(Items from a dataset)
'''

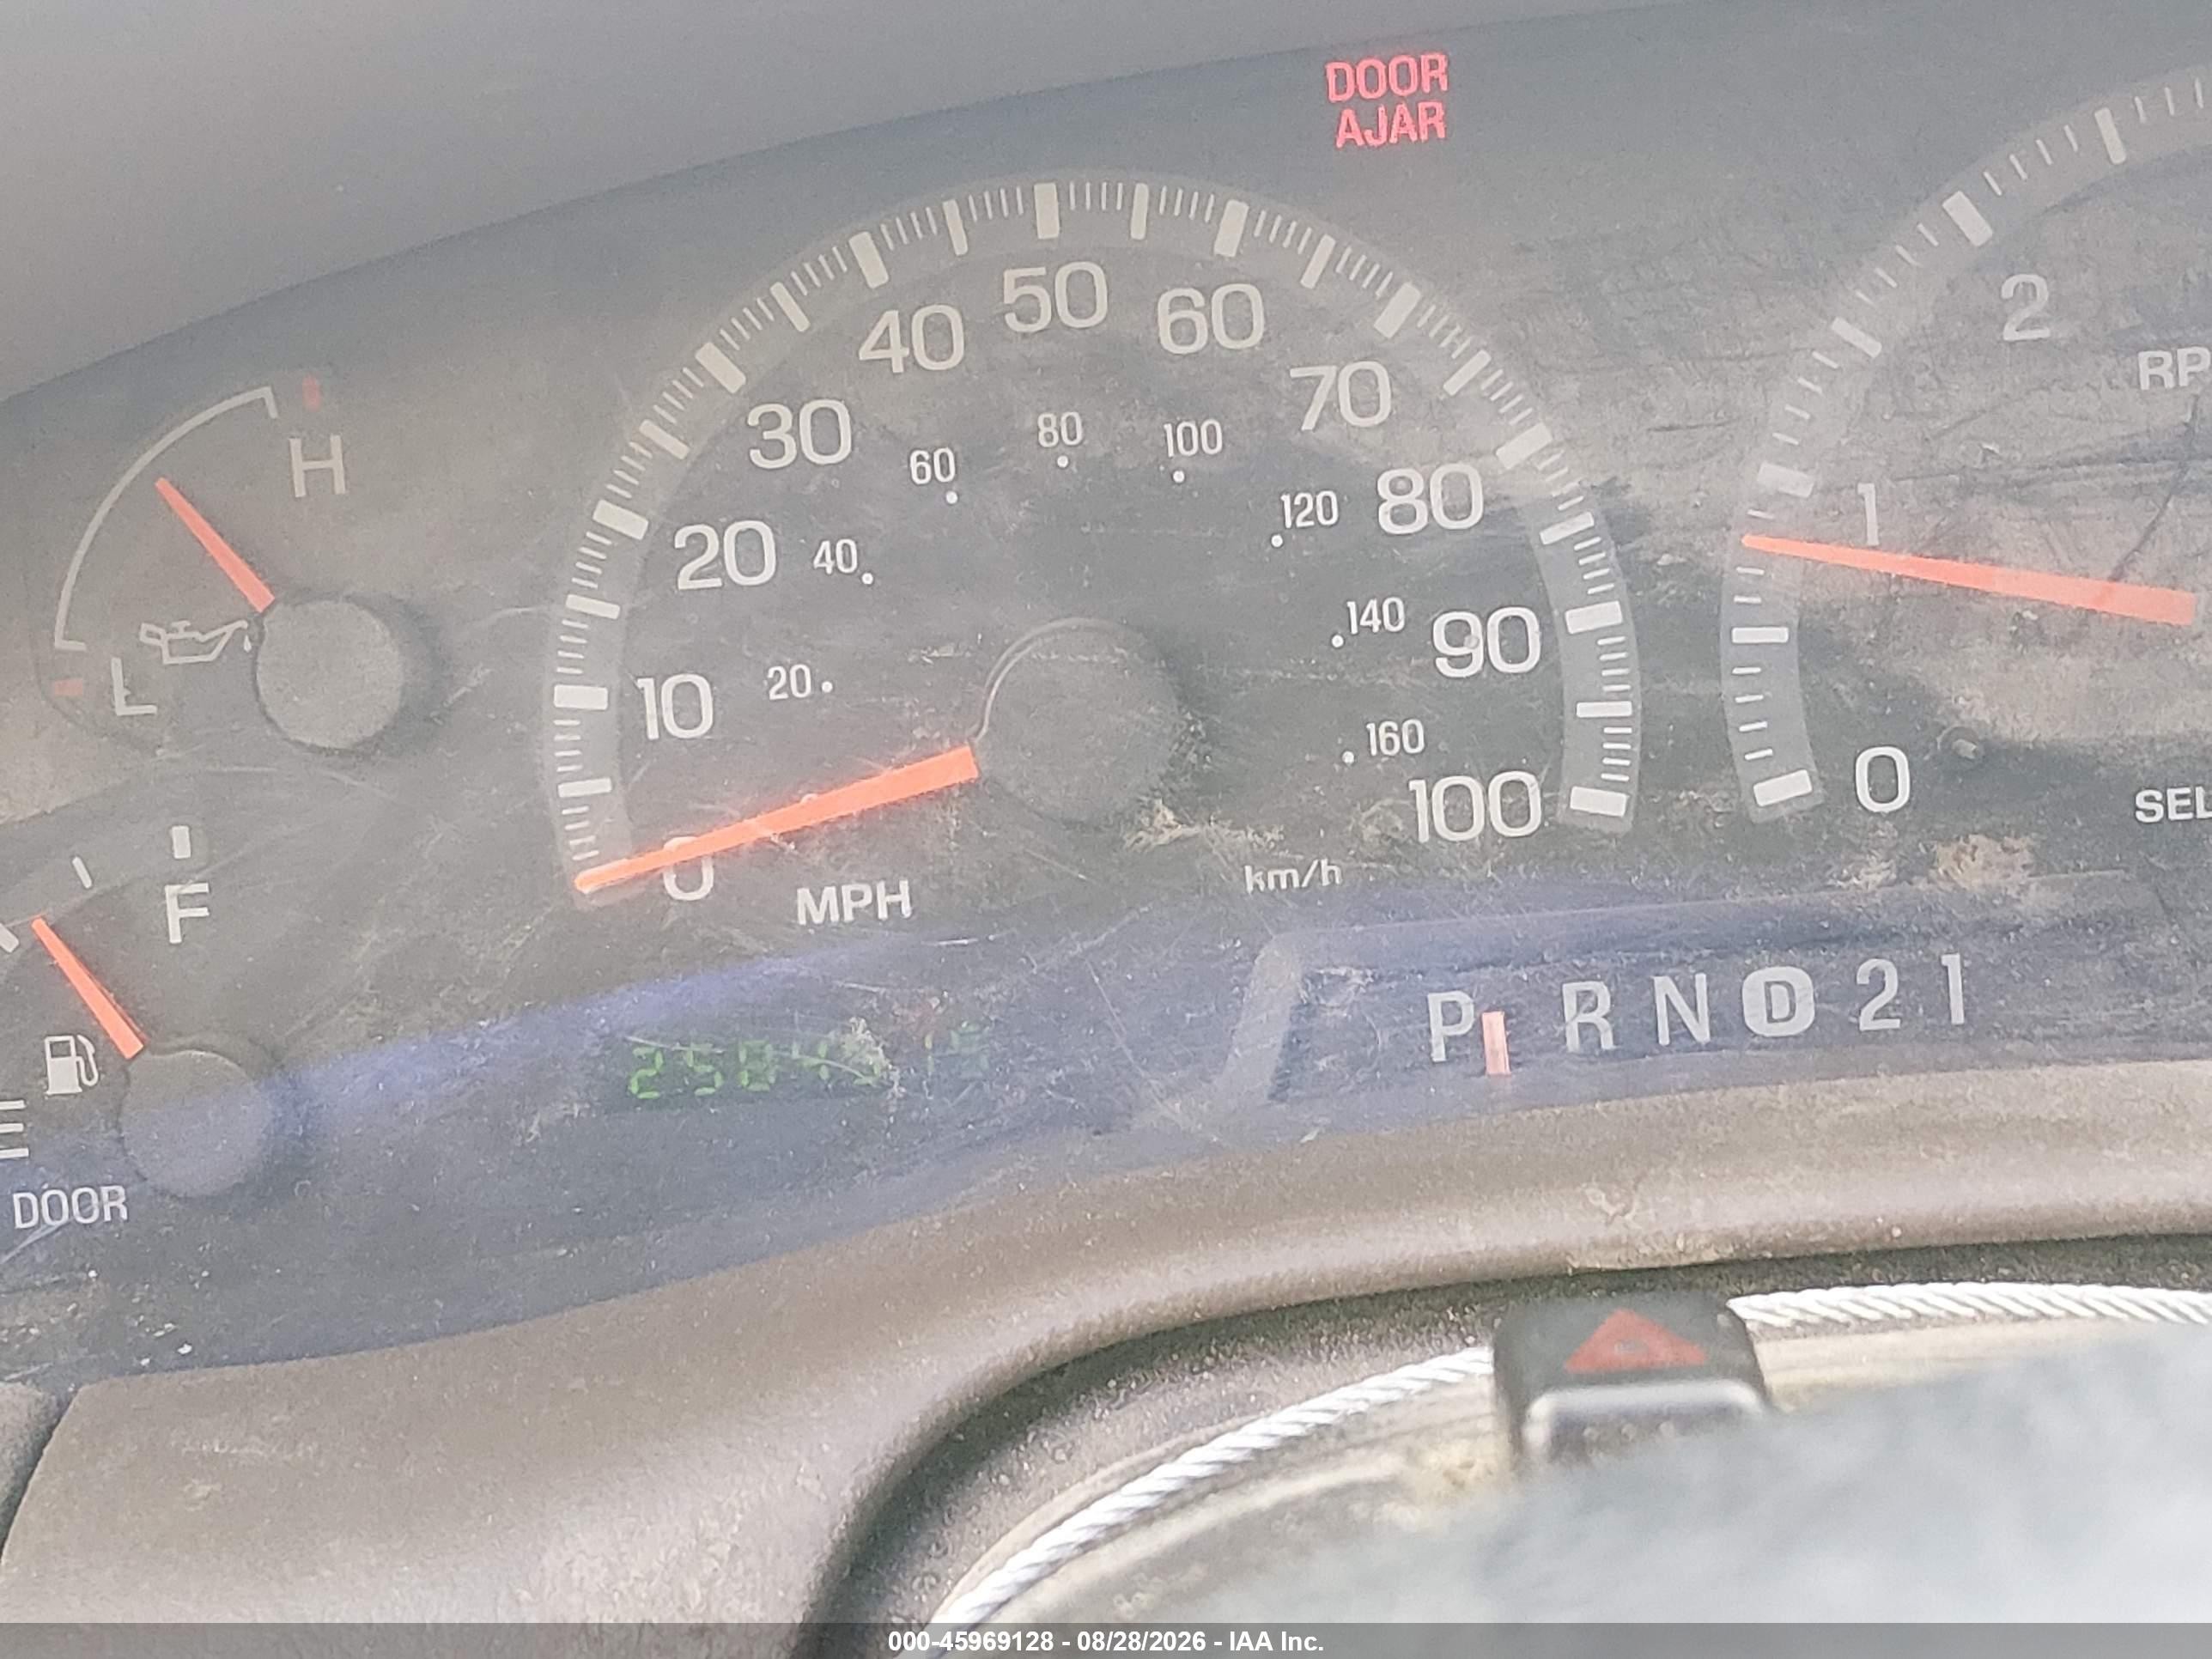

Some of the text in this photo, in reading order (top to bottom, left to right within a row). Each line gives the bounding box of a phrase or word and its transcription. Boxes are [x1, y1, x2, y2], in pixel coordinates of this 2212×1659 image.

[1326, 52, 1448, 102] DOOR
[1335, 100, 1446, 148] AJAR
[1003, 261, 1109, 332] 50
[1158, 283, 1265, 355] 60
[2001, 273, 2051, 342] 2
[859, 304, 965, 373] 40
[1290, 361, 1393, 430] 70
[747, 398, 853, 469] 30
[1037, 411, 1084, 447] 80
[1164, 419, 1223, 457] 100
[289, 434, 347, 498] H
[909, 447, 957, 485] 60
[1280, 490, 1340, 529] 120
[1376, 464, 1485, 535] 80
[1856, 483, 1879, 547] 1
[674, 520, 777, 591] 20
[813, 538, 859, 574] 40
[1346, 597, 1406, 635] 140
[1432, 606, 1541, 678] 90
[112, 657, 157, 715] L
[636, 673, 714, 740] 10
[768, 664, 812, 701] 20
[1366, 719, 1425, 757] 160
[1408, 769, 1542, 843] 100
[1855, 745, 1911, 813] 0
[661, 836, 714, 901] 0
[1245, 859, 1342, 893] km/h
[165, 882, 210, 944] F
[796, 879, 913, 925] MPH
[1427, 990, 1475, 1062] P
[1562, 980, 1615, 1052] R
[1653, 972, 1711, 1046] N
[1856, 957, 1901, 1030] 2
[1940, 953, 1966, 1025] 1
[12, 1185, 128, 1229] DOOR
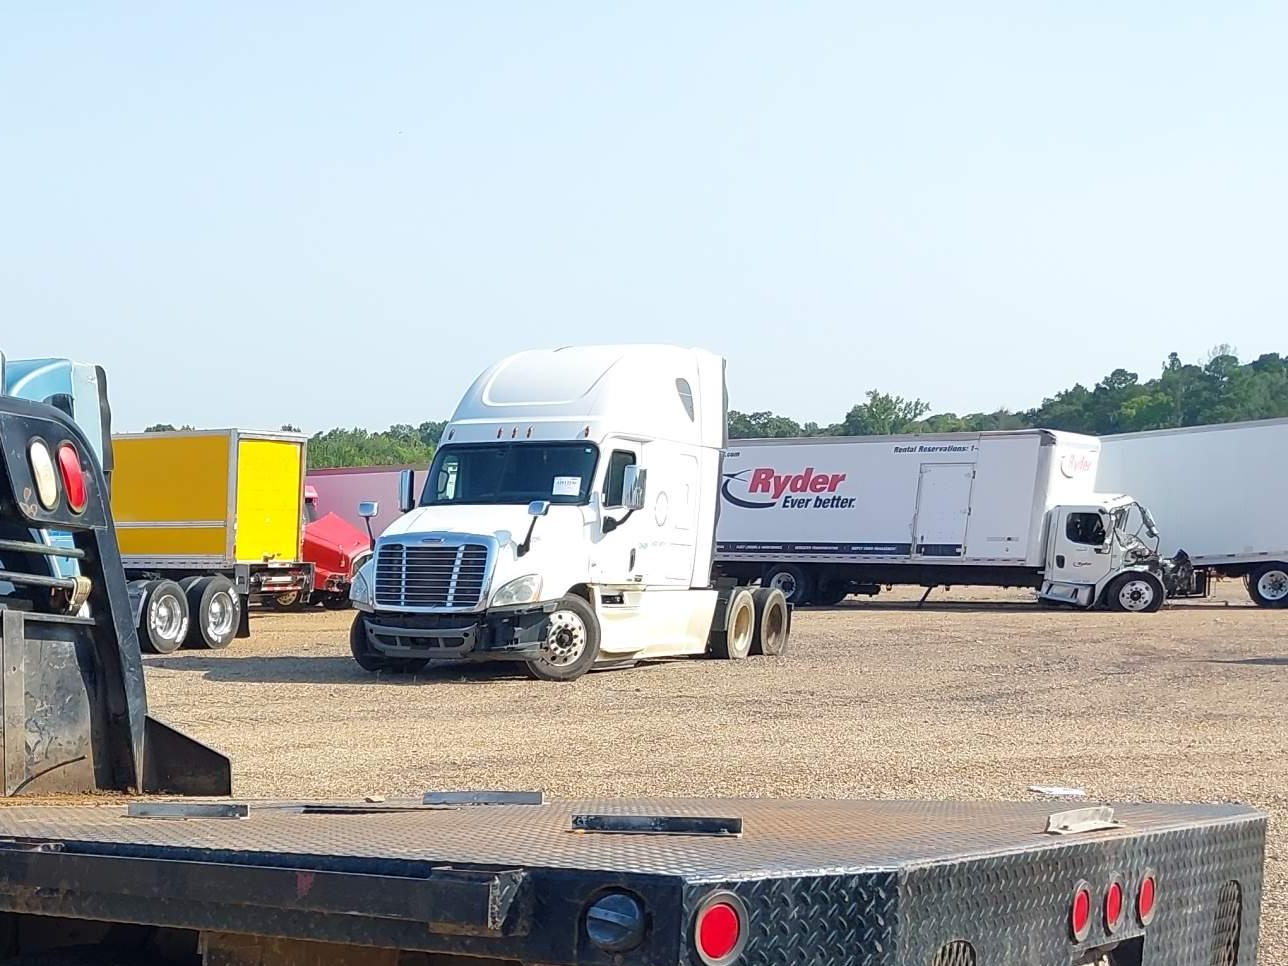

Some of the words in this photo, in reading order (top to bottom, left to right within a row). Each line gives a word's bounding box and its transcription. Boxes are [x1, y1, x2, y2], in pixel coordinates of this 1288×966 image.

[749, 467, 846, 499] Ryder
[782, 496, 812, 508] Ever
[813, 496, 856, 508] better.
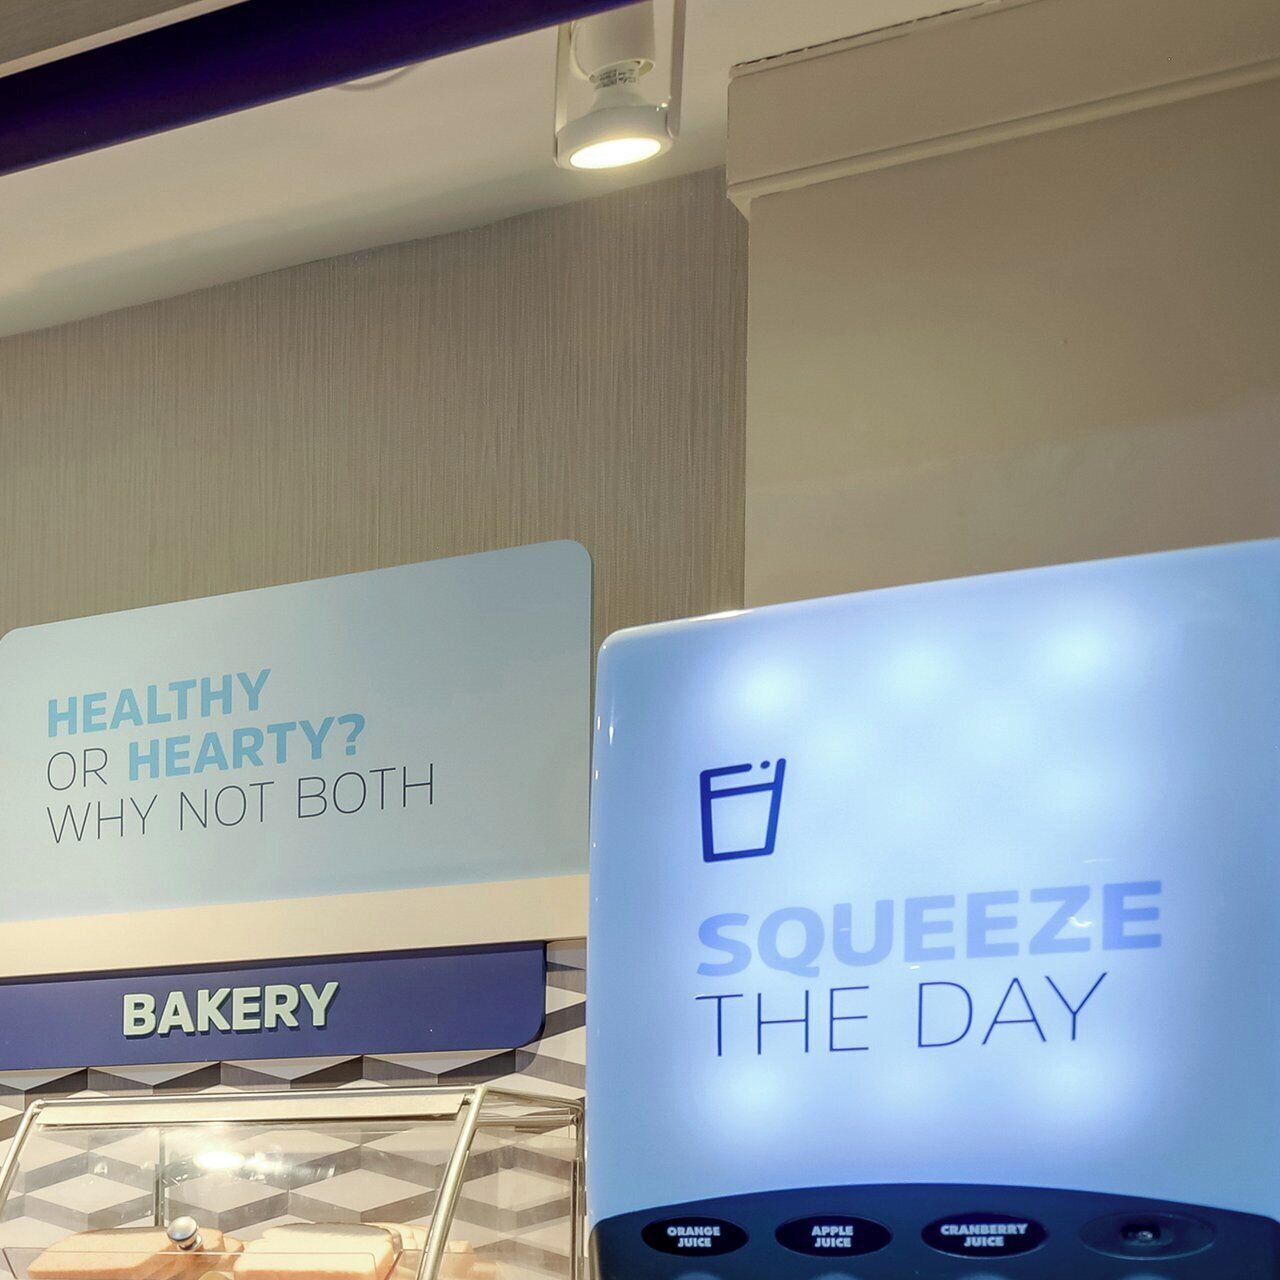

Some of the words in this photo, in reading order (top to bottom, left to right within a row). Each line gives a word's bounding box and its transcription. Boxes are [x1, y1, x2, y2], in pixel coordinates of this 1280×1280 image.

'''

:: Activity ::
The range to print runs from the line with "this 1288×966 image." through the last line of the entries, both included; keep it exact and skip the pictures.

:: Result for this task ::
Some of the words in this photo, in reading order (top to bottom, left to right within a row). Each line gives a word's bounding box and its transcription. Boxes are [x1, y1, x2, y2], in pixel coordinates of this 1288×966 image.

[749, 467, 846, 499] Ryder
[782, 496, 812, 508] Ever
[813, 496, 856, 508] better.

Some of the words in this photo, in reading order (top to bottom, left to right within a row). Each line gives a word's bounding box and its transcription. Boxes are [x1, y1, x2, y2], in pixel coordinates of this 1280×1280 image.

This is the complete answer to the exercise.